***** Task material *****

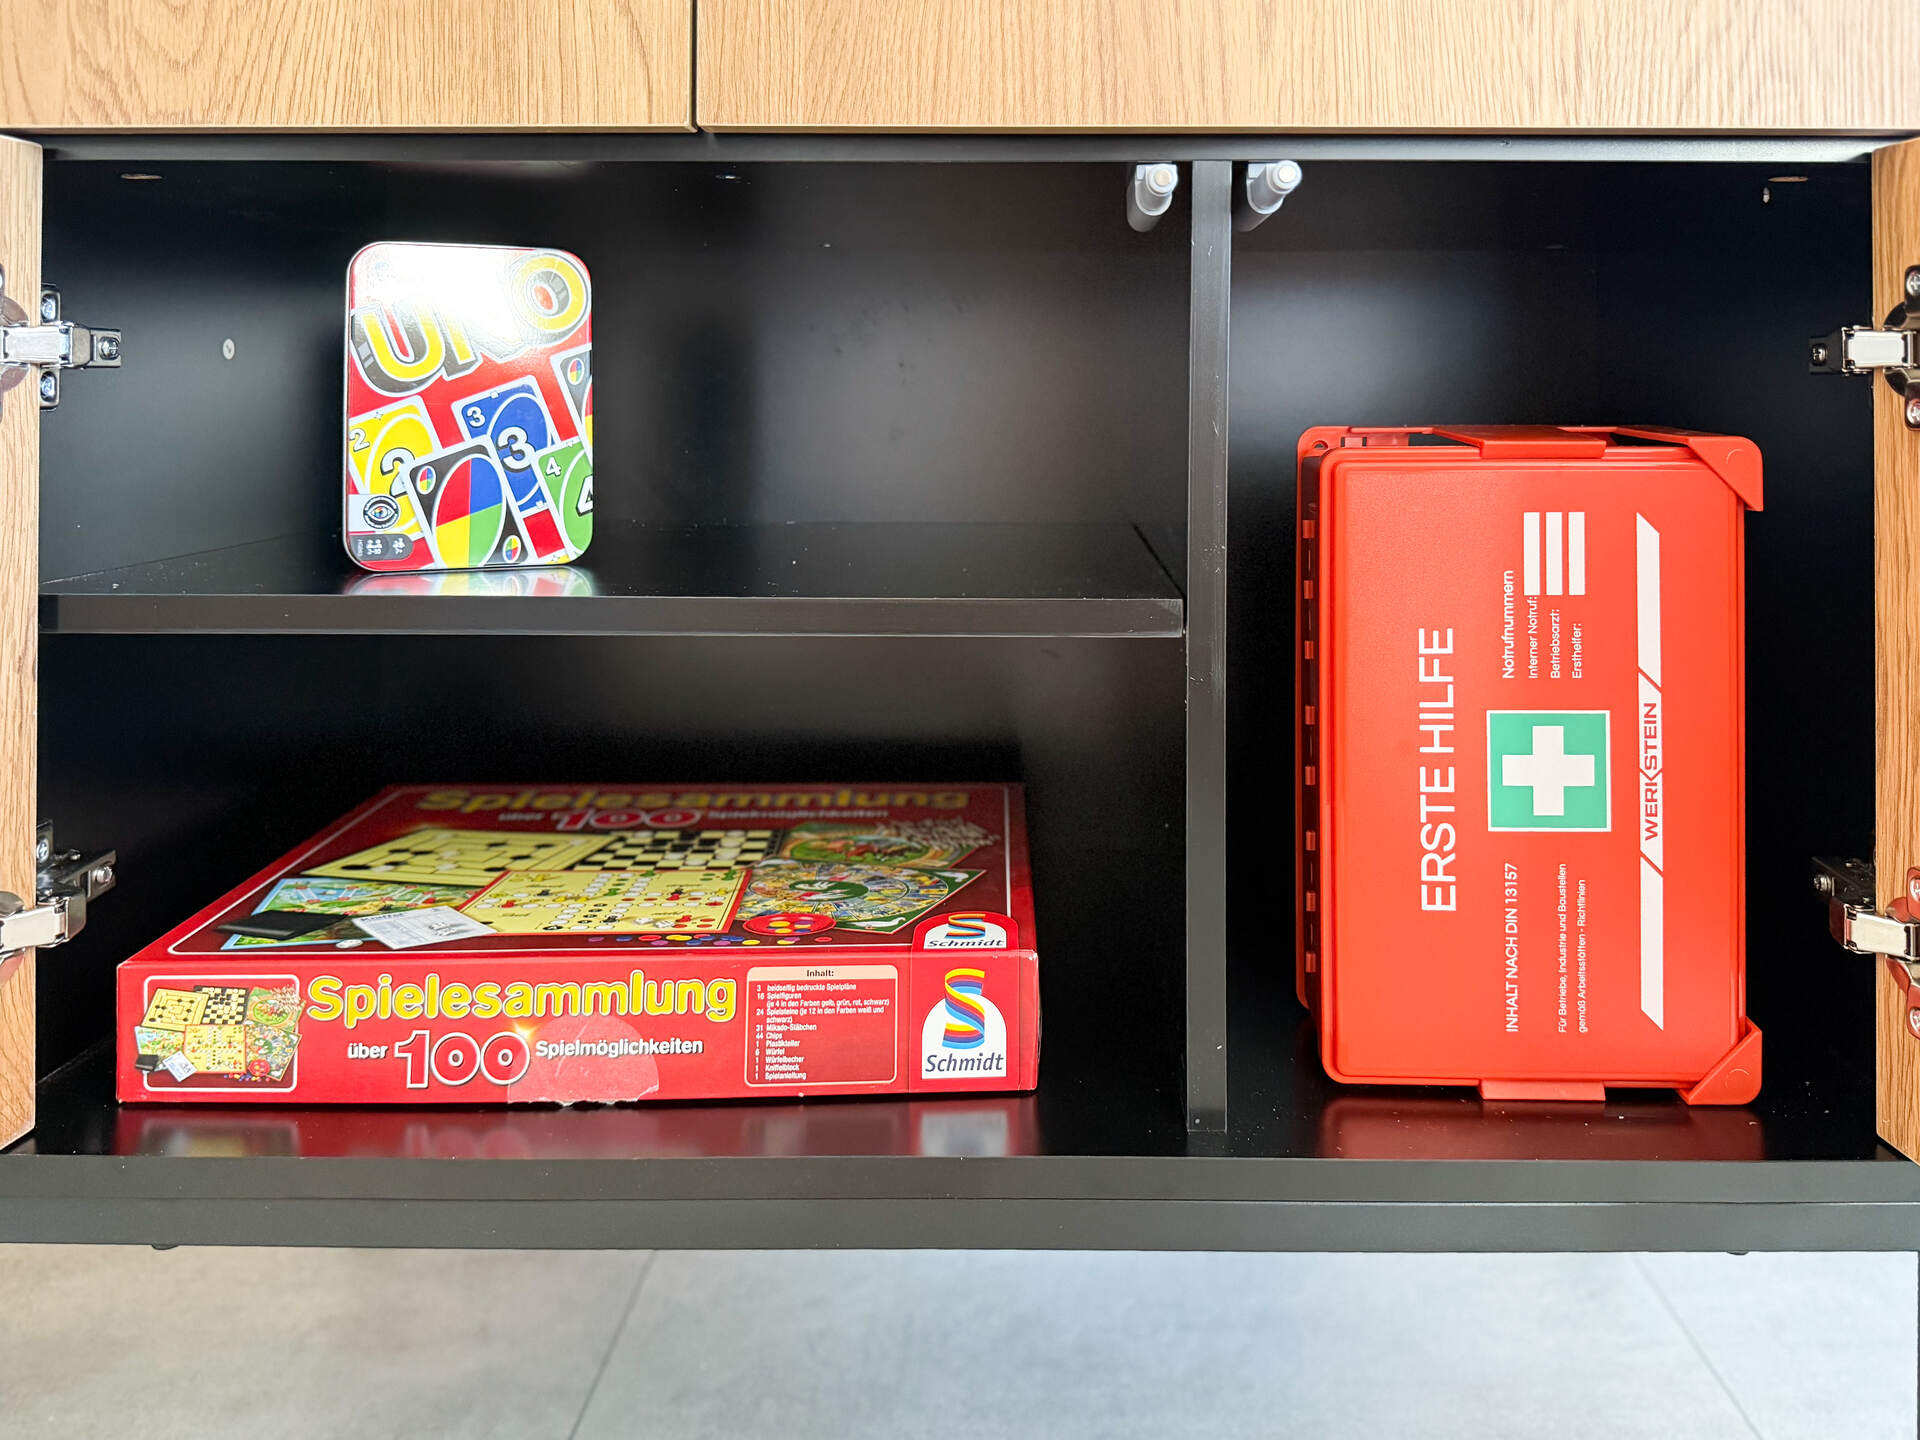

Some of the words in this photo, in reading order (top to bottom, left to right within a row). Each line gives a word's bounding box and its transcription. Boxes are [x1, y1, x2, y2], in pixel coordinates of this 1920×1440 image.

[466, 406, 486, 427] 3
[349, 428, 371, 452] 2
[497, 427, 537, 473] 3
[545, 457, 562, 477] 4
[1501, 570, 1515, 678] Notrufnummern
[1527, 596, 1538, 633] Notruf:
[1527, 635, 1538, 678] Interner
[1550, 608, 1561, 678] Betriebsarzt:
[1571, 623, 1582, 678] Ersthelfer:
[1418, 627, 1455, 753] HILFE
[1643, 702, 1660, 840] WERKSTEIN
[552, 808, 701, 830] 100
[1420, 767, 1457, 911] ERSTE
[1505, 863, 1518, 903] 13157
[1558, 864, 1567, 912] Baustellen
[1576, 879, 1586, 927] Richtlinien
[1505, 908, 1518, 933] DIN
[1558, 914, 1567, 931] und
[928, 938, 1004, 948] Schmidt
[1505, 937, 1519, 978] NACH
[1558, 933, 1567, 973] Industrie
[806, 969, 834, 977] Inhalt:
[306, 969, 737, 1029] Spielesammlung
[756, 1008, 765, 1016] 24
[1505, 982, 1519, 1032] INHALT
[1558, 975, 1569, 1016] Betriebe,
[756, 1032, 764, 1040] 44
[766, 1032, 783, 1040] Chips
[1558, 1018, 1567, 1033] Für
[347, 1041, 388, 1061] über
[394, 1028, 531, 1089] 100
[535, 1037, 704, 1060] Spielmöglichkeiten
[925, 1052, 1005, 1073] Schmidt
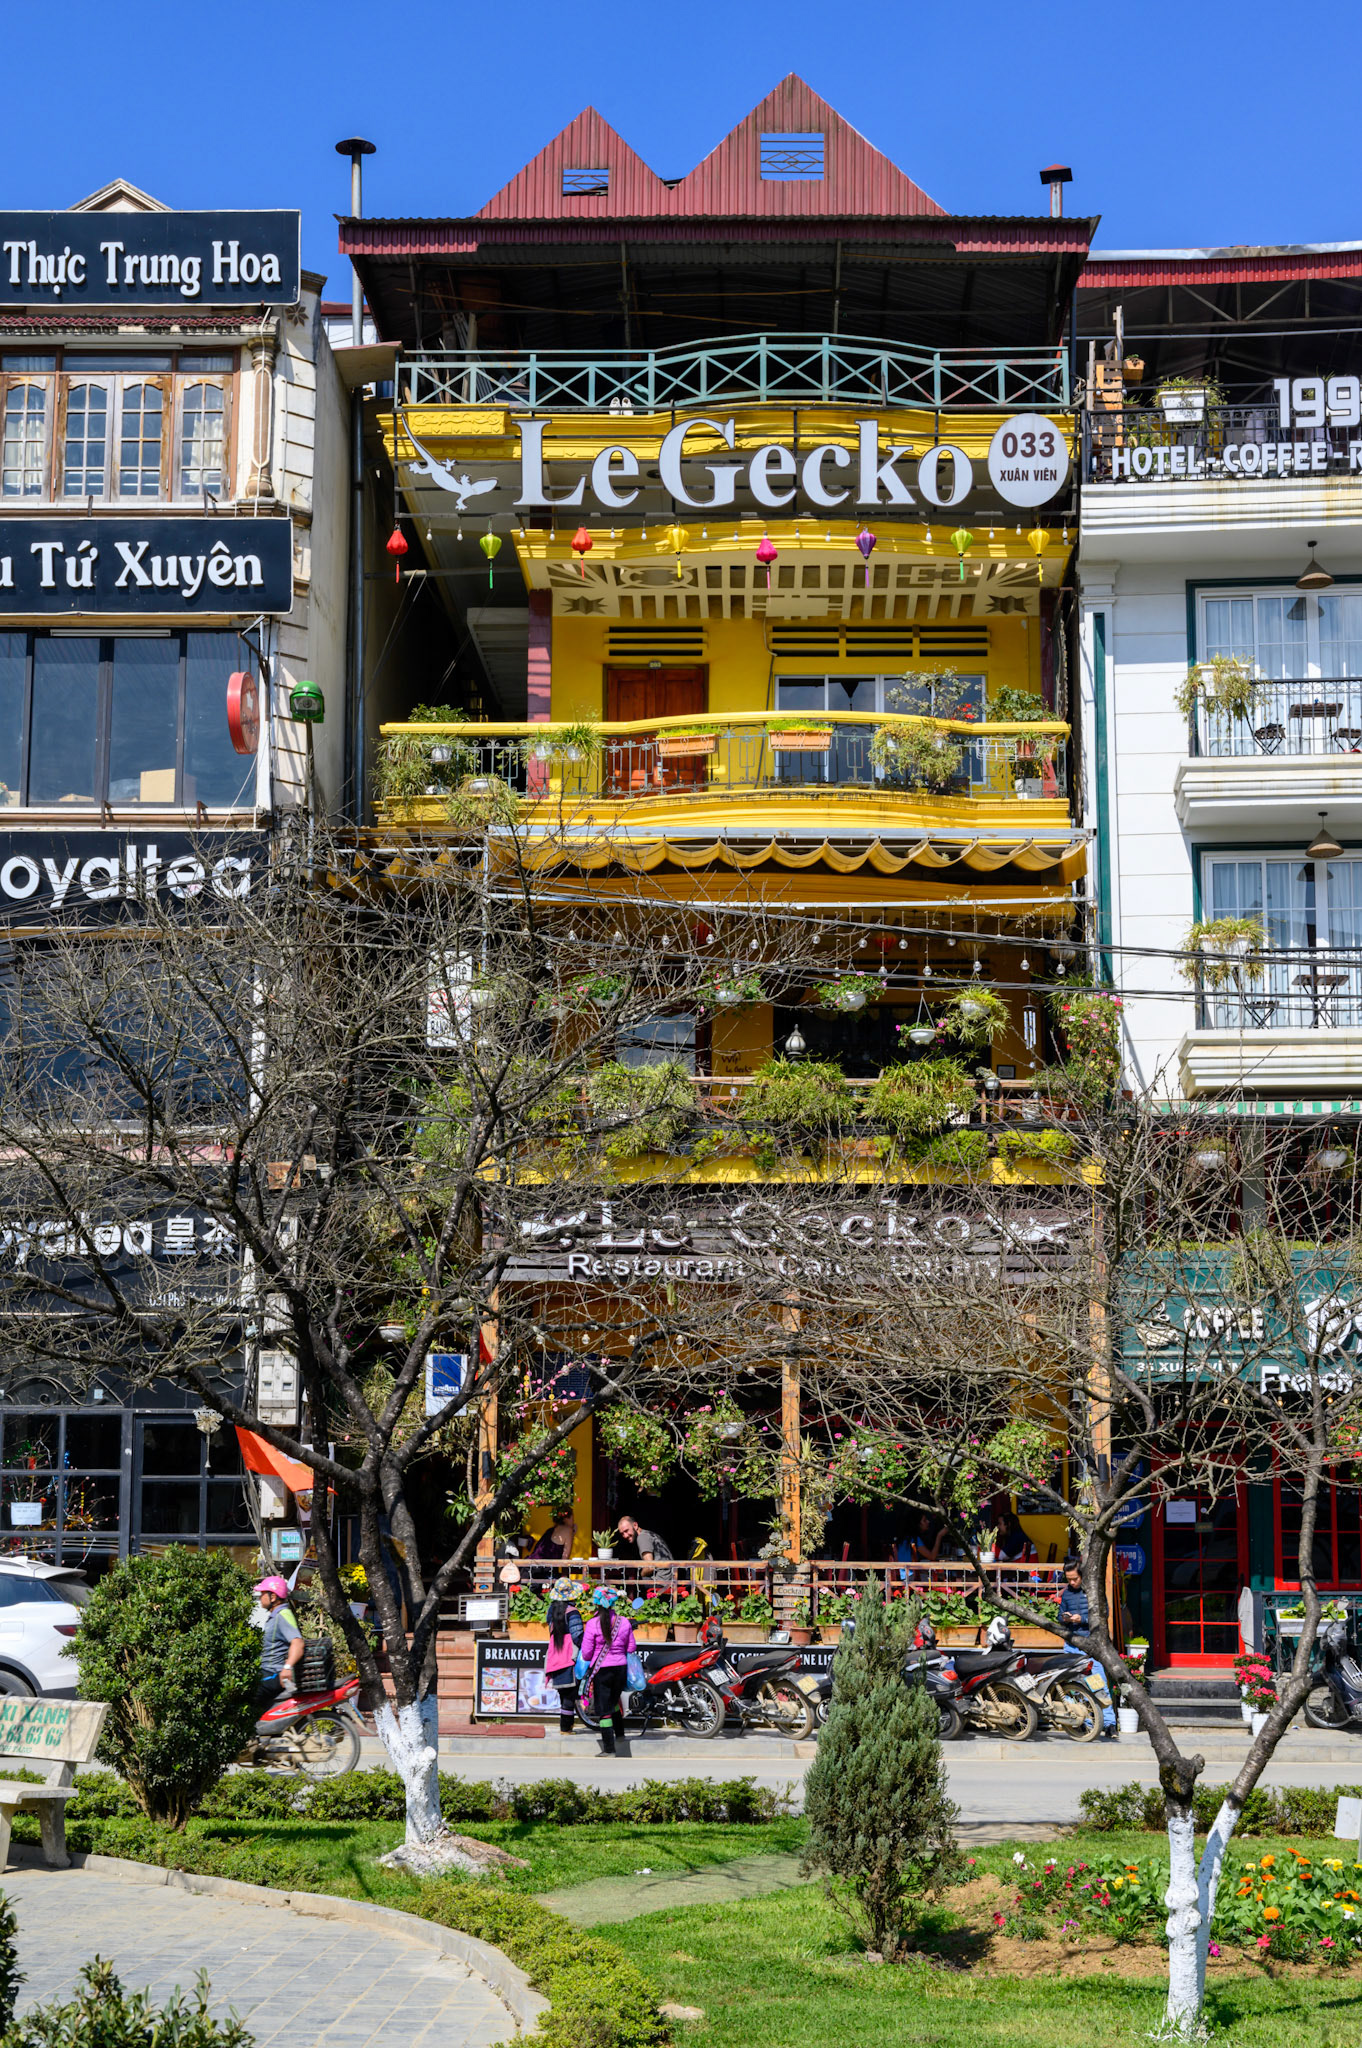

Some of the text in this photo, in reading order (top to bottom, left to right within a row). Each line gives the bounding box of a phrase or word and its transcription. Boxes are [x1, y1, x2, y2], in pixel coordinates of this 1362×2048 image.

*****

**Work request**
Could you copy the lines above exactly and skip the images?

**Written response**
Some of the words in this photo, in reading order (top to bottom, left to right within a row). Each line gives a word's bounding box and its transcription. Boxes are [x1, y1, x2, y2], in pixel coordinates of this 1920×1440 image.

[466, 406, 486, 427] 3
[349, 428, 371, 452] 2
[497, 427, 537, 473] 3
[545, 457, 562, 477] 4
[1501, 570, 1515, 678] Notrufnummern
[1527, 596, 1538, 633] Notruf:
[1527, 635, 1538, 678] Interner
[1550, 608, 1561, 678] Betriebsarzt:
[1571, 623, 1582, 678] Ersthelfer:
[1418, 627, 1455, 753] HILFE
[1643, 702, 1660, 840] WERKSTEIN
[552, 808, 701, 830] 100
[1420, 767, 1457, 911] ERSTE
[1505, 863, 1518, 903] 13157
[1558, 864, 1567, 912] Baustellen
[1576, 879, 1586, 927] Richtlinien
[1505, 908, 1518, 933] DIN
[1558, 914, 1567, 931] und
[928, 938, 1004, 948] Schmidt
[1505, 937, 1519, 978] NACH
[1558, 933, 1567, 973] Industrie
[806, 969, 834, 977] Inhalt:
[306, 969, 737, 1029] Spielesammlung
[756, 1008, 765, 1016] 24
[1505, 982, 1519, 1032] INHALT
[1558, 975, 1569, 1016] Betriebe,
[756, 1032, 764, 1040] 44
[766, 1032, 783, 1040] Chips
[1558, 1018, 1567, 1033] Für
[347, 1041, 388, 1061] über
[394, 1028, 531, 1089] 100
[535, 1037, 704, 1060] Spielmöglichkeiten
[925, 1052, 1005, 1073] Schmidt

Some of the text in this photo, in reading order (top to bottom, left to right within a row). Each line gives the bounding box of a phrase or word and its transcription. Boxes are [x1, y1, x2, y2], in pixel coordinates of this 1362×2048 image.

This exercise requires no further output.